--- REQUIREMENT ---
Every record that follows should be output exactly as it is given.

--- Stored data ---

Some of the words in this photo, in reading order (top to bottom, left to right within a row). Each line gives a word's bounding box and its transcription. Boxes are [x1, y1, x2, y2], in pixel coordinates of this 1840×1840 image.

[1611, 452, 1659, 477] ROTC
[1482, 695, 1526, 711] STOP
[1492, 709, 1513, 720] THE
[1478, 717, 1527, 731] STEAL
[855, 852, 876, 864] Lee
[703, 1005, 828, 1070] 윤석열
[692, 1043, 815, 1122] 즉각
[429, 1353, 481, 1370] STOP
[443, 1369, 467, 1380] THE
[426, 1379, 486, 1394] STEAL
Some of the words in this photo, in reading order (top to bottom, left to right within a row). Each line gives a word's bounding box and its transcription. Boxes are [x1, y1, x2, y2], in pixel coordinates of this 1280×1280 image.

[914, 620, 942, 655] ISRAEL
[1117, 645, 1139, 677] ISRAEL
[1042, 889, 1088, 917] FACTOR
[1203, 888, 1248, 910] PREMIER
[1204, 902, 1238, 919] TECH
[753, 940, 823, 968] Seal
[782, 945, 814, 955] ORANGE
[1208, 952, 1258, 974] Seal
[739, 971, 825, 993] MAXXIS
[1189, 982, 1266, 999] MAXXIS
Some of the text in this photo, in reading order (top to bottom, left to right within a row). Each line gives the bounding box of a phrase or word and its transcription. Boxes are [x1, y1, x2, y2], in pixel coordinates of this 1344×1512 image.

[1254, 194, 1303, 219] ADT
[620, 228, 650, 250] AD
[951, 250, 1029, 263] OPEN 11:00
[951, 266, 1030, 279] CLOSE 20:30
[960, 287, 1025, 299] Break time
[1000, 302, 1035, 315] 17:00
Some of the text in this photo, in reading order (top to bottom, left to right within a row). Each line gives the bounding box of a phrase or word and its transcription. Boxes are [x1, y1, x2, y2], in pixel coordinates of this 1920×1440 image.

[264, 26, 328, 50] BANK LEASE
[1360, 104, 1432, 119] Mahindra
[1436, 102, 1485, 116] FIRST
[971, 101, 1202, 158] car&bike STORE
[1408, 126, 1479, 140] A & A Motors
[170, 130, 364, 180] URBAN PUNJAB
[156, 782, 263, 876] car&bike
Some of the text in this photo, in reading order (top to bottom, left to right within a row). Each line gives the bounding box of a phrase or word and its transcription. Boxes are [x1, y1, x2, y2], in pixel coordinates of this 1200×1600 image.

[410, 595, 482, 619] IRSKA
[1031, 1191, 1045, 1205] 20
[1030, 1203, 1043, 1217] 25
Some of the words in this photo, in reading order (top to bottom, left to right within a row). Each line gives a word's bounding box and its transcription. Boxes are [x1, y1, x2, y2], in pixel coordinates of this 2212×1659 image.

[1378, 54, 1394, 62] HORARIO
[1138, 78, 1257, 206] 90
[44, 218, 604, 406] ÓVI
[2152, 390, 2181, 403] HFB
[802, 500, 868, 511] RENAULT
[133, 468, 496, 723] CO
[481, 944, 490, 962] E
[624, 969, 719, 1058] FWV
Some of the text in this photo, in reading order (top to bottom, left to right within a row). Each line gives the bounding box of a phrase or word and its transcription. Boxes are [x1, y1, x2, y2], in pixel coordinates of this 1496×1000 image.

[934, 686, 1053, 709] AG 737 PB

--- YOUR SOLUTION ---
Some of the words in this photo, in reading order (top to bottom, left to right within a row). Each line gives a word's bounding box and its transcription. Boxes are [x1, y1, x2, y2], in pixel coordinates of this 1840×1840 image.

[1611, 452, 1659, 477] ROTC
[1482, 695, 1526, 711] STOP
[1492, 709, 1513, 720] THE
[1478, 717, 1527, 731] STEAL
[855, 852, 876, 864] Lee
[703, 1005, 828, 1070] 윤석열
[692, 1043, 815, 1122] 즉각
[429, 1353, 481, 1370] STOP
[443, 1369, 467, 1380] THE
[426, 1379, 486, 1394] STEAL
Some of the words in this photo, in reading order (top to bottom, left to right within a row). Each line gives a word's bounding box and its transcription. Boxes are [x1, y1, x2, y2], in pixel coordinates of this 1280×1280 image.

[914, 620, 942, 655] ISRAEL
[1117, 645, 1139, 677] ISRAEL
[1042, 889, 1088, 917] FACTOR
[1203, 888, 1248, 910] PREMIER
[1204, 902, 1238, 919] TECH
[753, 940, 823, 968] Seal
[782, 945, 814, 955] ORANGE
[1208, 952, 1258, 974] Seal
[739, 971, 825, 993] MAXXIS
[1189, 982, 1266, 999] MAXXIS
Some of the text in this photo, in reading order (top to bottom, left to right within a row). Each line gives the bounding box of a phrase or word and its transcription. Boxes are [x1, y1, x2, y2], in pixel coordinates of this 1344×1512 image.

[1254, 194, 1303, 219] ADT
[620, 228, 650, 250] AD
[951, 250, 1029, 263] OPEN 11:00
[951, 266, 1030, 279] CLOSE 20:30
[960, 287, 1025, 299] Break time
[1000, 302, 1035, 315] 17:00
Some of the text in this photo, in reading order (top to bottom, left to right within a row). Each line gives the bounding box of a phrase or word and its transcription. Boxes are [x1, y1, x2, y2], in pixel coordinates of this 1920×1440 image.

[264, 26, 328, 50] BANK LEASE
[1360, 104, 1432, 119] Mahindra
[1436, 102, 1485, 116] FIRST
[971, 101, 1202, 158] car&bike STORE
[1408, 126, 1479, 140] A & A Motors
[170, 130, 364, 180] URBAN PUNJAB
[156, 782, 263, 876] car&bike
Some of the text in this photo, in reading order (top to bottom, left to right within a row). Each line gives the bounding box of a phrase or word and its transcription. Boxes are [x1, y1, x2, y2], in pixel coordinates of this 1200×1600 image.

[410, 595, 482, 619] IRSKA
[1031, 1191, 1045, 1205] 20
[1030, 1203, 1043, 1217] 25
Some of the words in this photo, in reading order (top to bottom, left to right within a row). Each line gives a word's bounding box and its transcription. Boxes are [x1, y1, x2, y2], in pixel coordinates of this 2212×1659 image.

[1378, 54, 1394, 62] HORARIO
[1138, 78, 1257, 206] 90
[44, 218, 604, 406] ÓVI
[2152, 390, 2181, 403] HFB
[802, 500, 868, 511] RENAULT
[133, 468, 496, 723] CO
[481, 944, 490, 962] E
[624, 969, 719, 1058] FWV
Some of the text in this photo, in reading order (top to bottom, left to right within a row). Each line gives the bounding box of a phrase or word and its transcription. Boxes are [x1, y1, x2, y2], in pixel coordinates of this 1496×1000 image.

[934, 686, 1053, 709] AG 737 PB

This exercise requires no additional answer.